12 Md. 54, 1858 Md. LEXIS 6
CourtCourt of Appeals of Maryland
DecidedJune 2, 1858
StatusPublished
Cited by26 cases

This text of 12 Md. 54 (Thos. Wilson & Co. v. Thos. J. Carson & Co.) is published on Counsel Stack Legal Research, covering Court of Appeals of Maryland primary law. Counsel Stack provides free access to over 12 million legal documents including statutes, case law, regulations, and constitutions.

Bluebook
Thos. Wilson & Co. v. Thos. J. Carson & Co., 12 Md. 54, 1858 Md. LEXIS 6 (Md. 1858).

Opinion

Le Grand, C. J.,

delivered the opinion of this court.

This is an attachment on warrant, which, on the 3rd day of January 1854, issued out of the Superior Court of Baltimore city, at the suit of Thomas Wilson & Co., against the effects of Ezra Webb, Wm. Maxcy and Thomas G. Rowland, copartners, trading under the firm of E. Webb, Maxcy & Co., to recover a balance on account, due 26th of November 1853, of 04847.96. On the 4th day of January 1854, the attachment was laid in the hands of the garnishees. The garnishees pleaded non assumpsit and nulla bona. All the members of the firm of Webb, Maxcy & Co., together with William Teeter and E. Lewis Stoll, composed the firm of Teeter, Maxcy &. Co., of Louisville, but neither Teeter nor E. Lewis Stoll were of the firm of E. Webb, Maxcy & Co. Both firms failed in [72]*72business, and, on the 31st day of December 1853, all the members of both firms united in a deed of trust to William Riddle, of Louisville, conveying a large amount of real estate in Kentucky, belonging to William Maxcy, individually, also his household and kitchen furniture; a considerable amount of real estate in Kentucky, belonging to T. G. Rowland, also certain personal property also belonging to him, individually; all the estate of Wm. Teeter, real, personal and mixed; certain property, real and personal, belonging to E. Lewis Stoll; the warehouse furniture of E. Webb, Maxcy <fc Co.; also certain accounts, debts, rights, dioses in action, and personal property set out in paper marked M., No. 1, which is made part of the deed. This paper specifies the lard, pork, &c., which had been shipped to T. J. Carson & Co., of Baltimore. This conveyance was one in trust for the benefit of creditors, after paying certain expenses, according to the order specified in it. It provides that the transfer, in the deed, of the claim on Carson &. Edes, and T. J. Carson & Co., and Lees & Walter, is subject to drafts and assignments by the grantors, previously given: 1st, to Gill, Anderson & Co.; 2nd, to Walters & Fox; 3rd, to Parmelee & Bro.; 4th, to Smith, Clark & Logan; and 5th, to B. & L. Leavell, and Conn & Ramsay.

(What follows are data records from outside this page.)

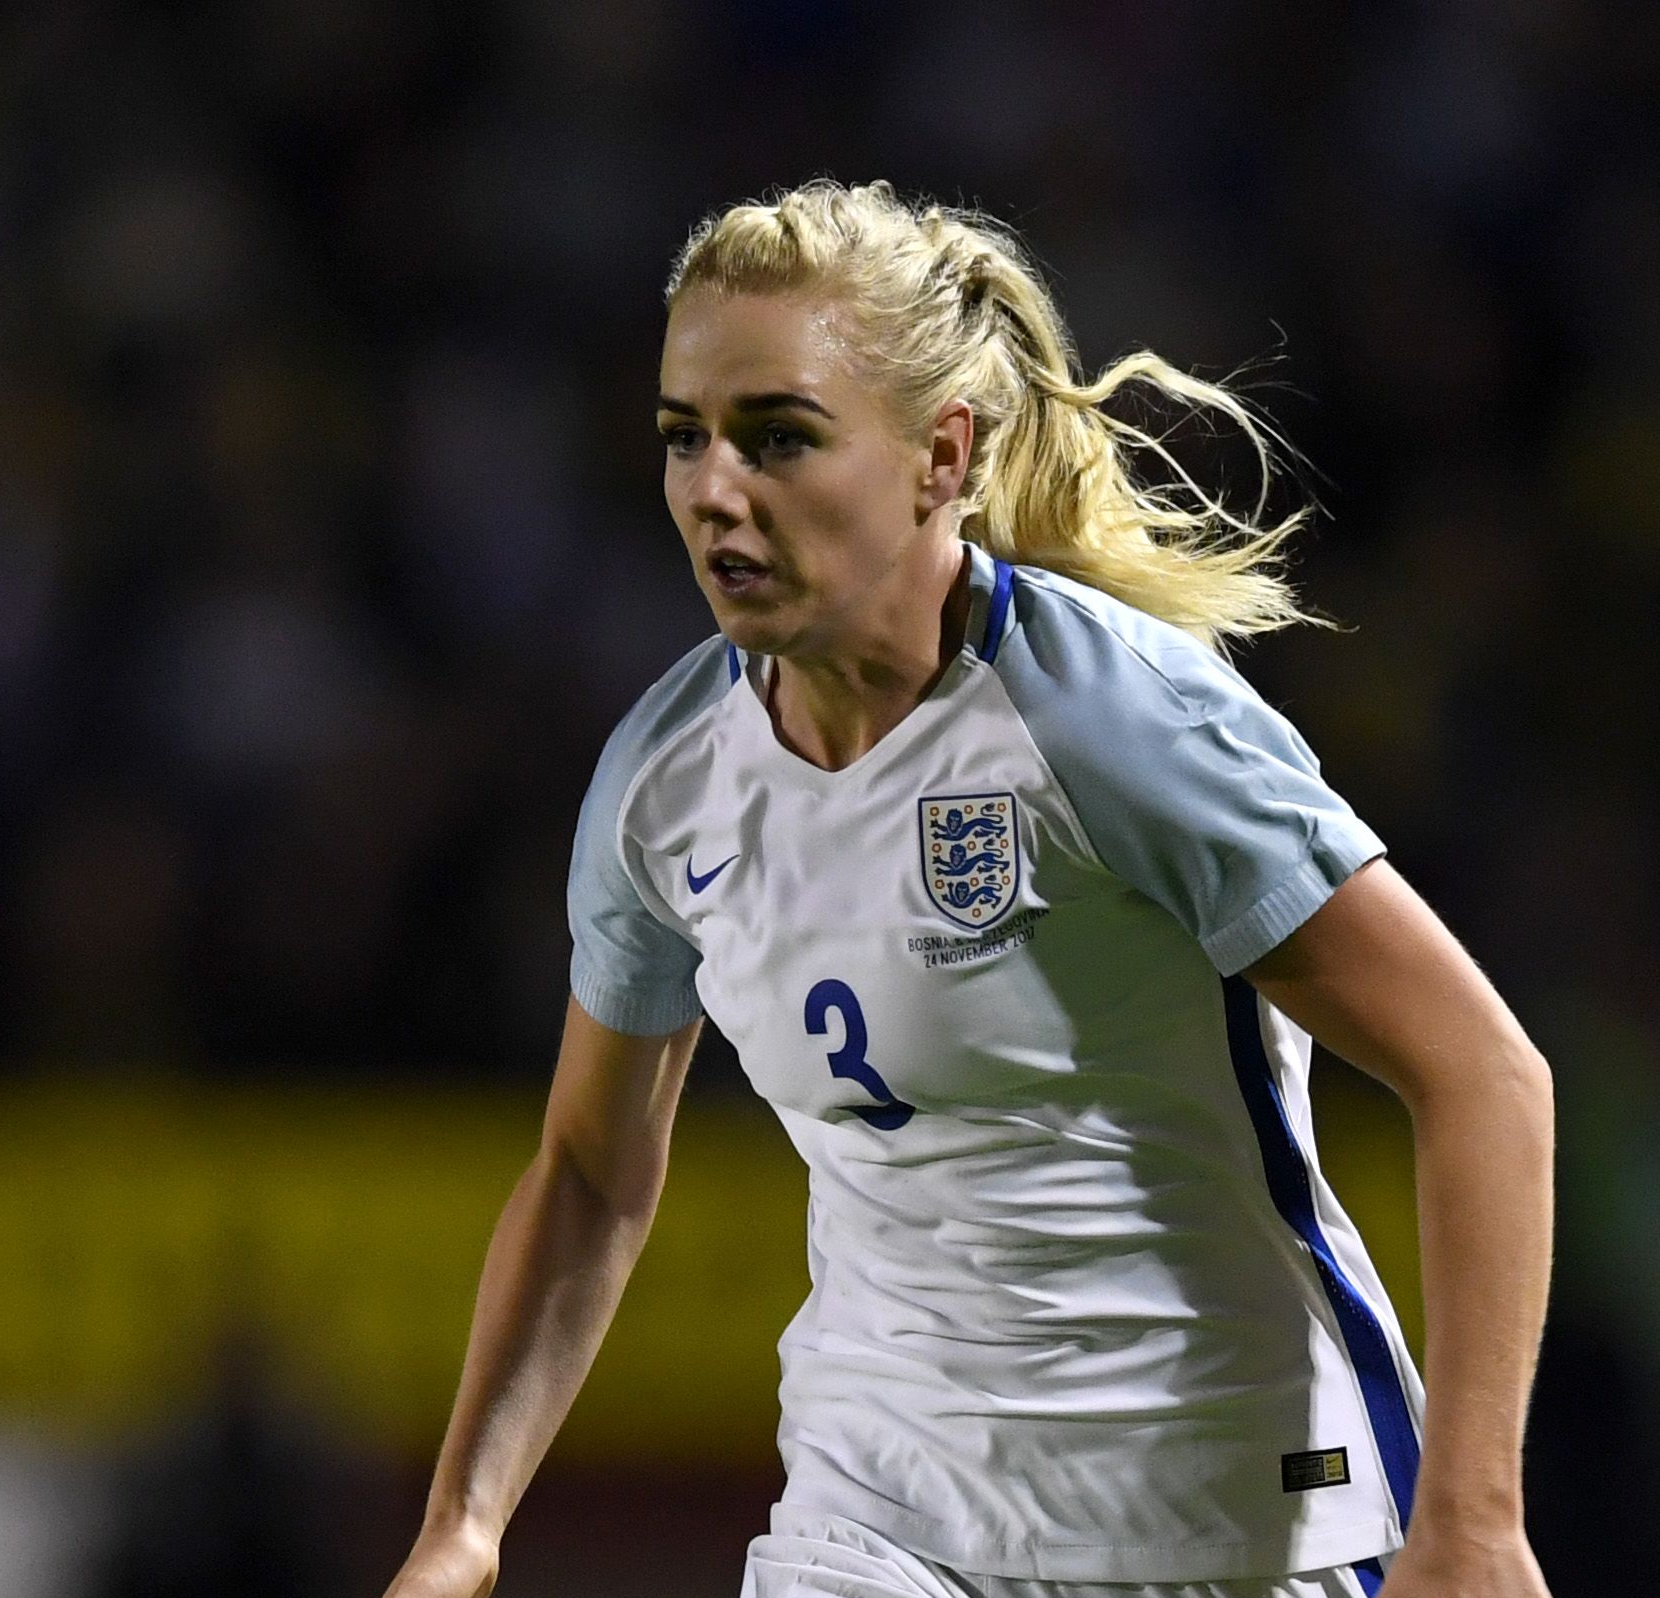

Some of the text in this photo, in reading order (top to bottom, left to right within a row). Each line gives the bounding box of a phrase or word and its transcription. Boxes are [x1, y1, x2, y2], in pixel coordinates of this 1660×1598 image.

[907, 936, 950, 952] BOSNIA
[924, 926, 1035, 968] 24 NOVEMBER 2017
[804, 978, 916, 1131] 3
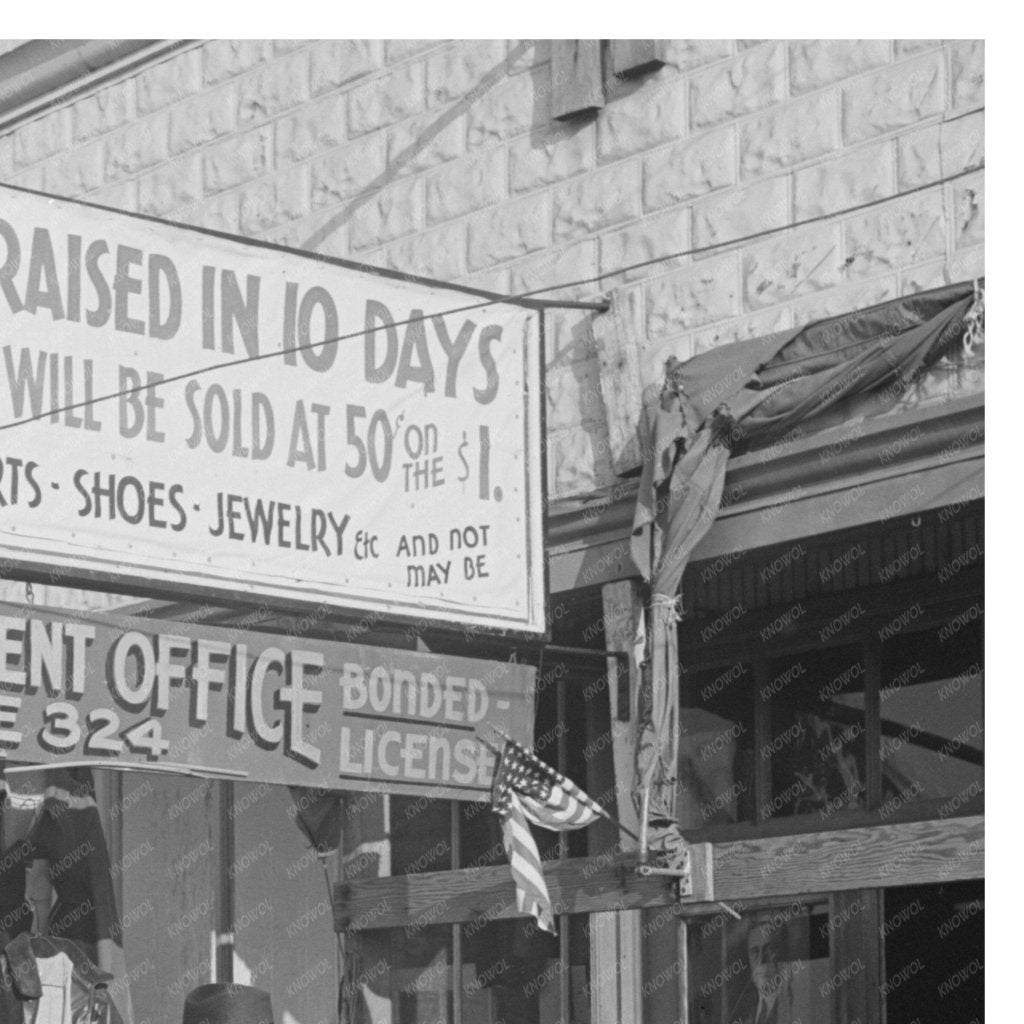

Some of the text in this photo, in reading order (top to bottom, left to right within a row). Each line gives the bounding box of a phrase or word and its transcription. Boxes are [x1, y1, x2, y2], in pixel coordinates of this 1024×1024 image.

[201, 265, 261, 358] IN
[282, 280, 339, 373] 10
[364, 299, 503, 405] DAYS
[2, 345, 102, 432] WILL
[119, 364, 166, 443] BE
[184, 379, 275, 461] SOLD
[286, 399, 330, 472] AT
[402, 456, 445, 493] THE
[73, 469, 186, 532] SHOES
[208, 491, 350, 557] JEWELRY
[396, 533, 439, 557] AND
[407, 554, 489, 587] MAY BE
[43, 703, 170, 757] 324
[111, 632, 324, 766] OFFICE
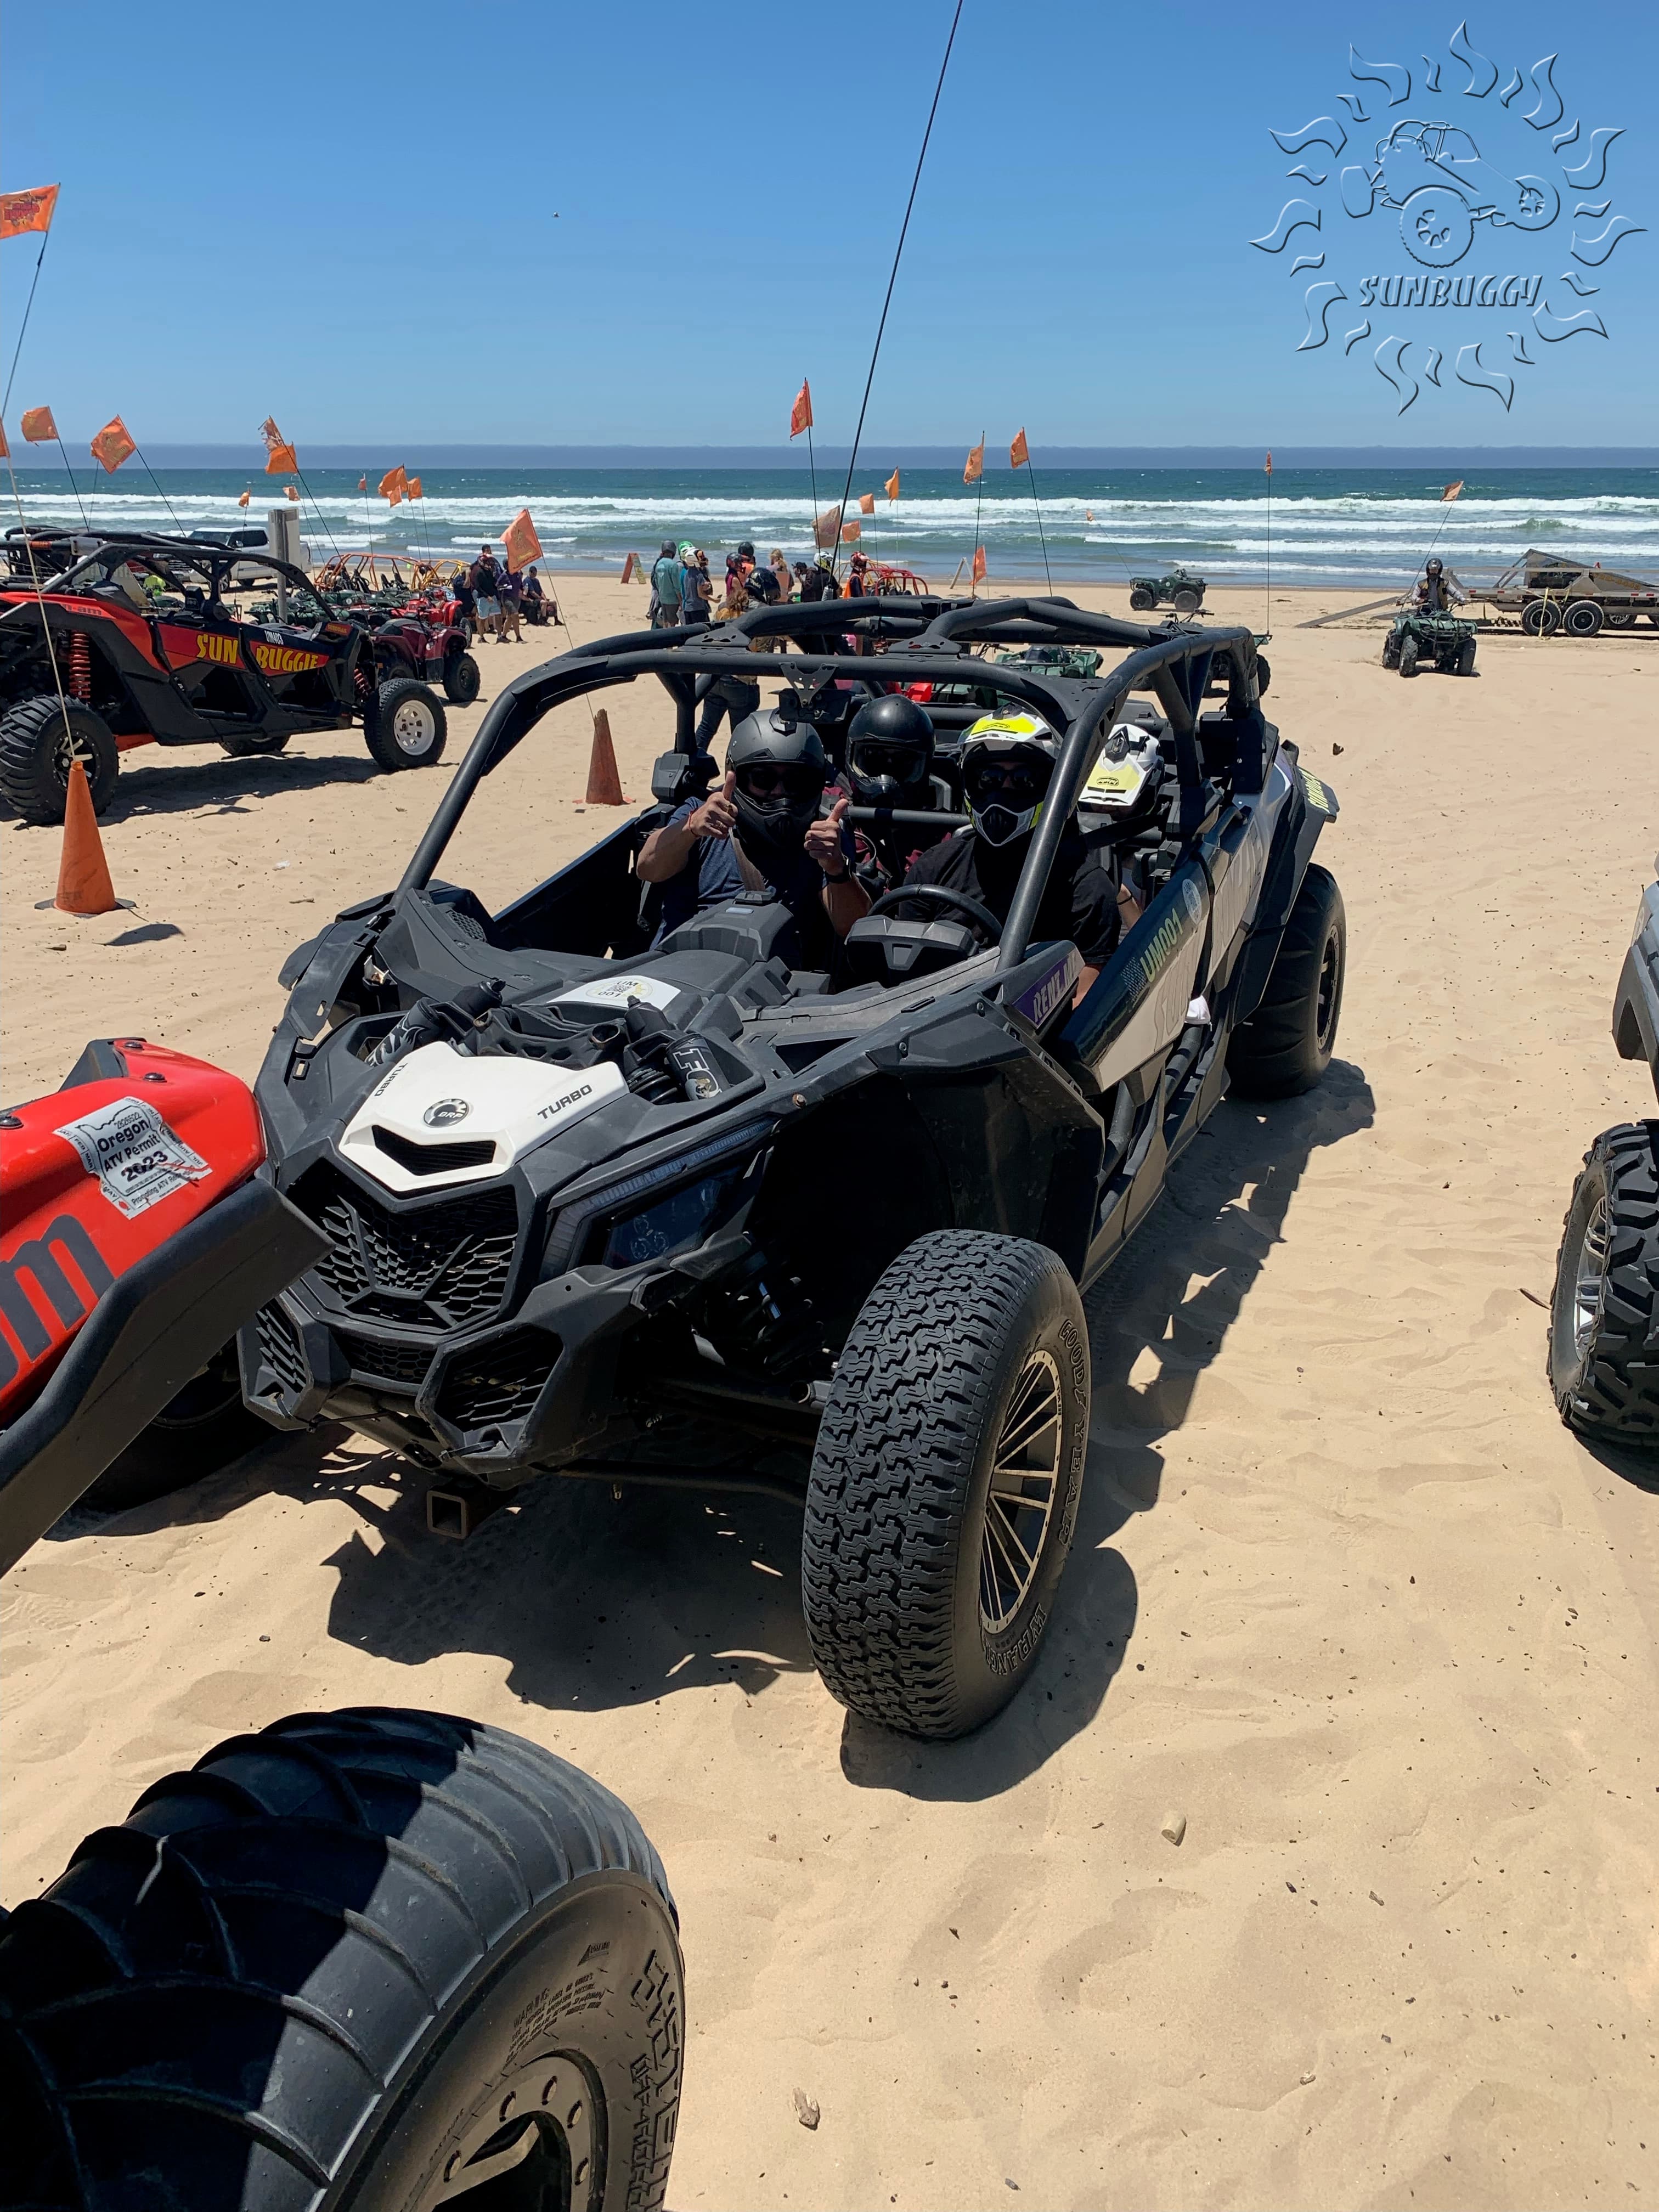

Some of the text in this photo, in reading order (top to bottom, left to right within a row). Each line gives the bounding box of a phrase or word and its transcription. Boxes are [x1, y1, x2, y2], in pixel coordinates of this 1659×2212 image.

[196, 634, 239, 664] SUN
[1139, 908, 1183, 983] UM001
[1033, 969, 1061, 1023] RENT
[374, 1063, 408, 1097] TURBO
[673, 1048, 722, 1099] FO
[537, 1084, 592, 1120] TURBO
[97, 1119, 150, 1152] Oregon
[103, 1151, 123, 1172] ATV
[124, 1133, 161, 1160] Permit
[121, 1150, 168, 1182] 2023
[1058, 1318, 1087, 1546] GOODYEAR

It was admitted that neither of the defendants were citizens of Maryland at the time of the issuing of the attachment, nor were they at the date of the execution of the deed of trust of the 31st day of December 1853. It was also admitted, that at the time the attachment issued and was laid, there was a large amount of property, consisting of pork, lard, bacon, and other provisions, in the hands of Thomas J. Carson & Co., in Baltimore, which had been consigned to them for sale, by E. Webb, Maxcy & Co., of Louisville, the defendants; and that afterwards, and before the garnishees pleaded, there accrued from the sale of said property, over and above all advances, the amount of $12,805. The amount of assignments specifically made of this fund by the orders of date the 30th day of December 1853, and recognized in the-deed of trust of the following day, is $28,714.42.

The correctness of the claim of the plaintiffs below is not [73]*73questioned. The questions we are called upon to determine, grow out of tire orders of assignment, the deed of trust, the proof of the laws of Kentucky, and the levying of the attachment.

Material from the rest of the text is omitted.